What this task involves
Return the entries verbatim and drop every picture.

Given records
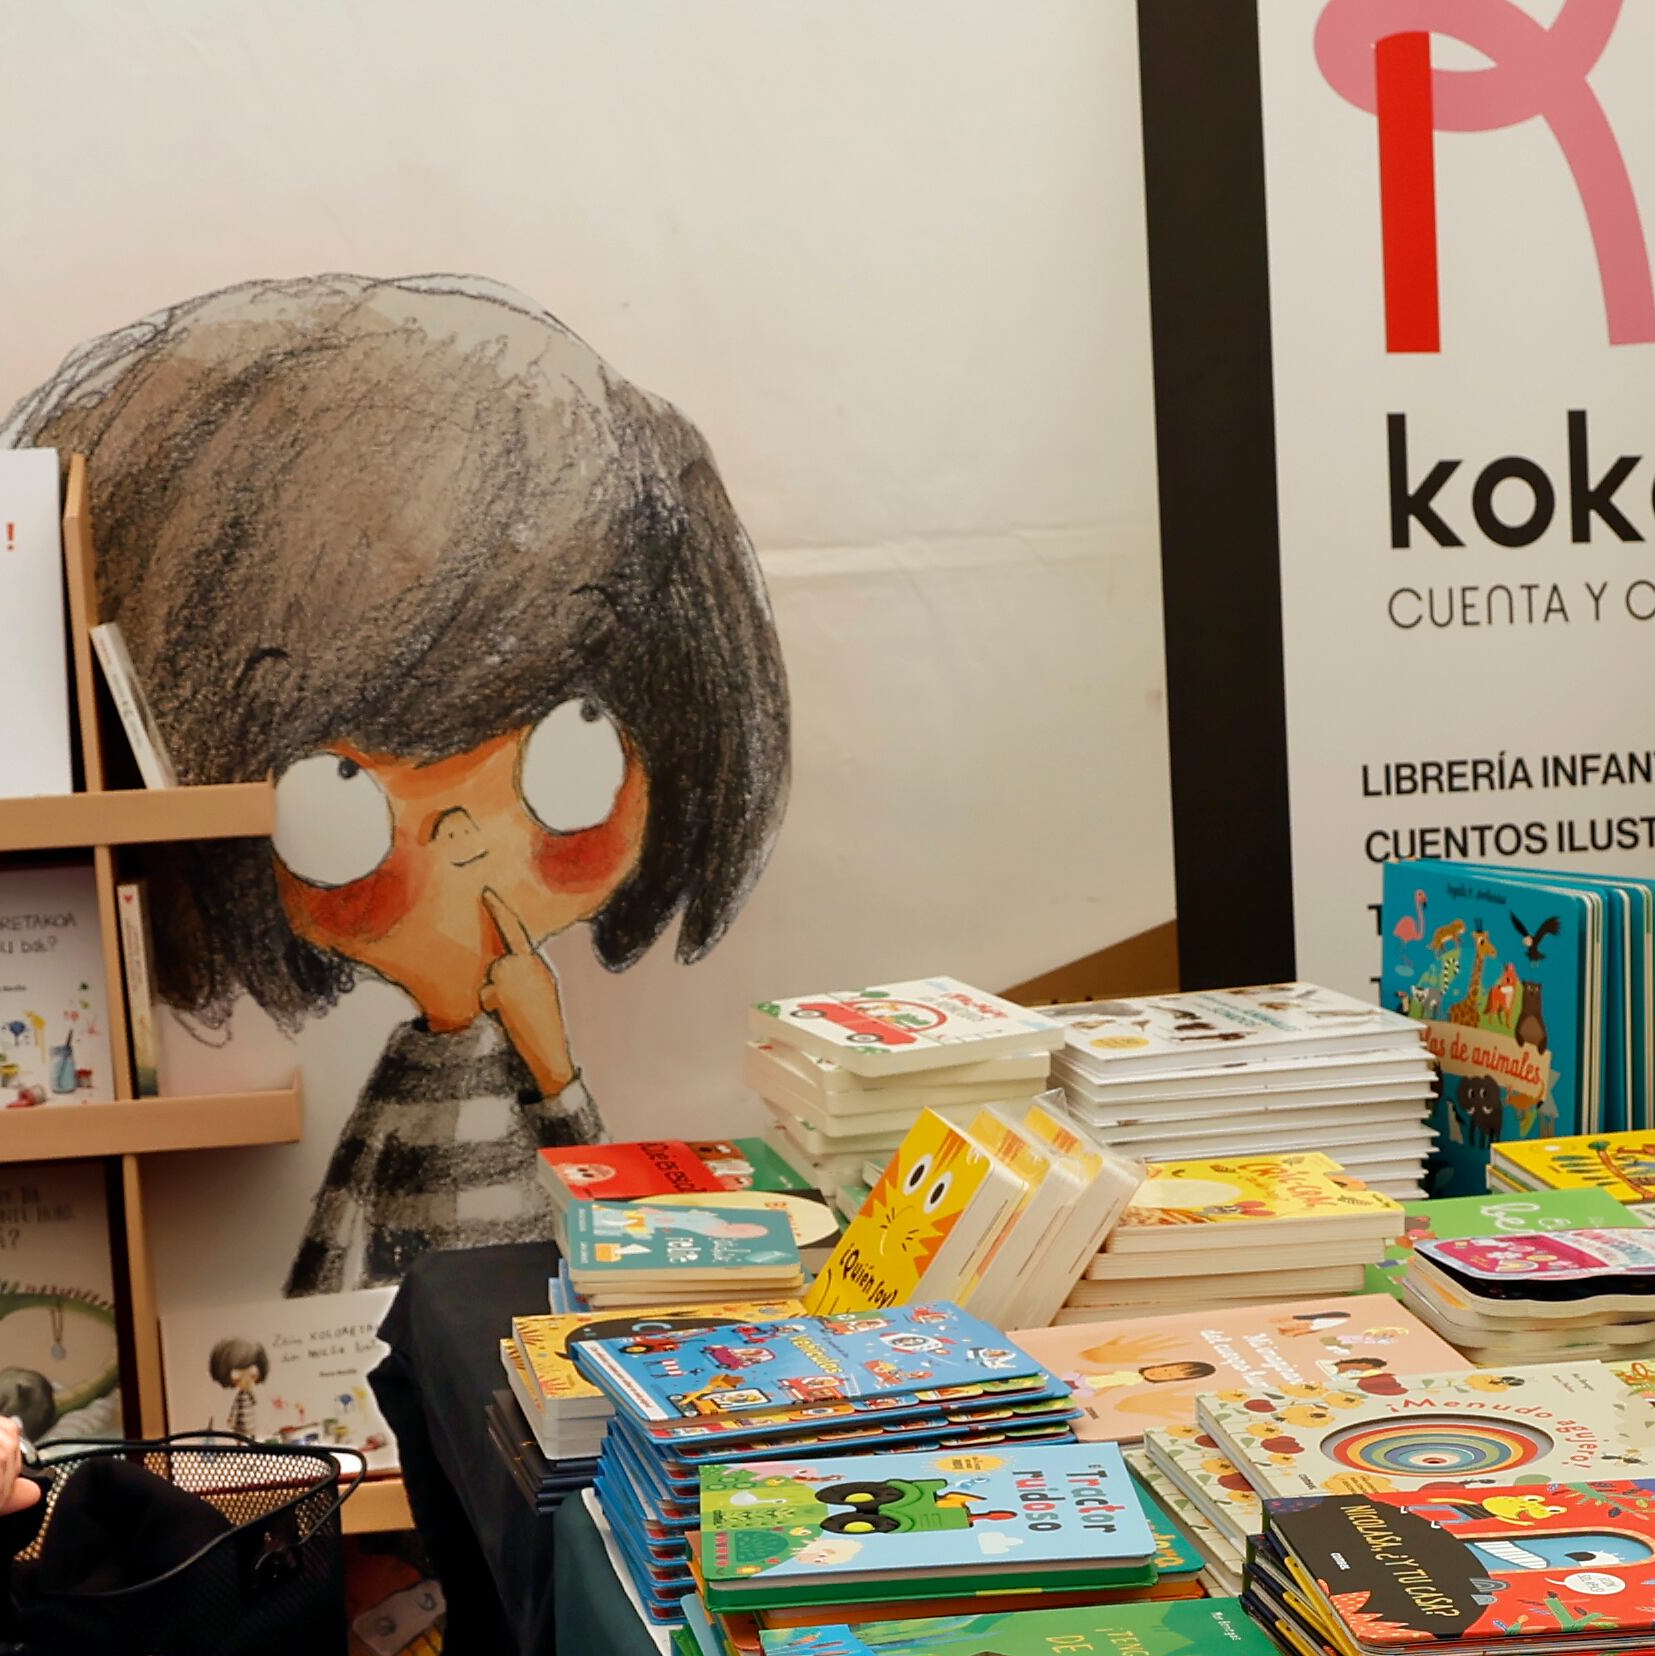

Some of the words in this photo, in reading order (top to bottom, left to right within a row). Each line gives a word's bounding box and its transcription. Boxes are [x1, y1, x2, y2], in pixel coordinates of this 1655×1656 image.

[1388, 583, 1570, 629] CUENTA
[1584, 581, 1609, 622] Y
[1361, 750, 1533, 797] LIBRERÍA
[1364, 821, 1548, 864] CUENTOS
[1450, 1033, 1469, 1063] de
[1472, 1043, 1544, 1092] animales
[1012, 1471, 1066, 1533] ruidoso
[1066, 1469, 1126, 1534] Tractor
[1393, 1569, 1425, 1586] TU
[1404, 1583, 1462, 1618] CASA?
[1046, 1633, 1094, 1655] DE

Answer
Some of the words in this photo, in reading order (top to bottom, left to right within a row). Each line gives a word's bounding box and its transcription. Boxes are [x1, y1, x2, y2], in pixel coordinates of this 1655×1656 image.

[1388, 583, 1570, 629] CUENTA
[1584, 581, 1609, 622] Y
[1361, 750, 1533, 797] LIBRERÍA
[1364, 821, 1548, 864] CUENTOS
[1450, 1033, 1469, 1063] de
[1472, 1043, 1544, 1092] animales
[1012, 1471, 1066, 1533] ruidoso
[1066, 1469, 1126, 1534] Tractor
[1393, 1569, 1425, 1586] TU
[1404, 1583, 1462, 1618] CASA?
[1046, 1633, 1094, 1655] DE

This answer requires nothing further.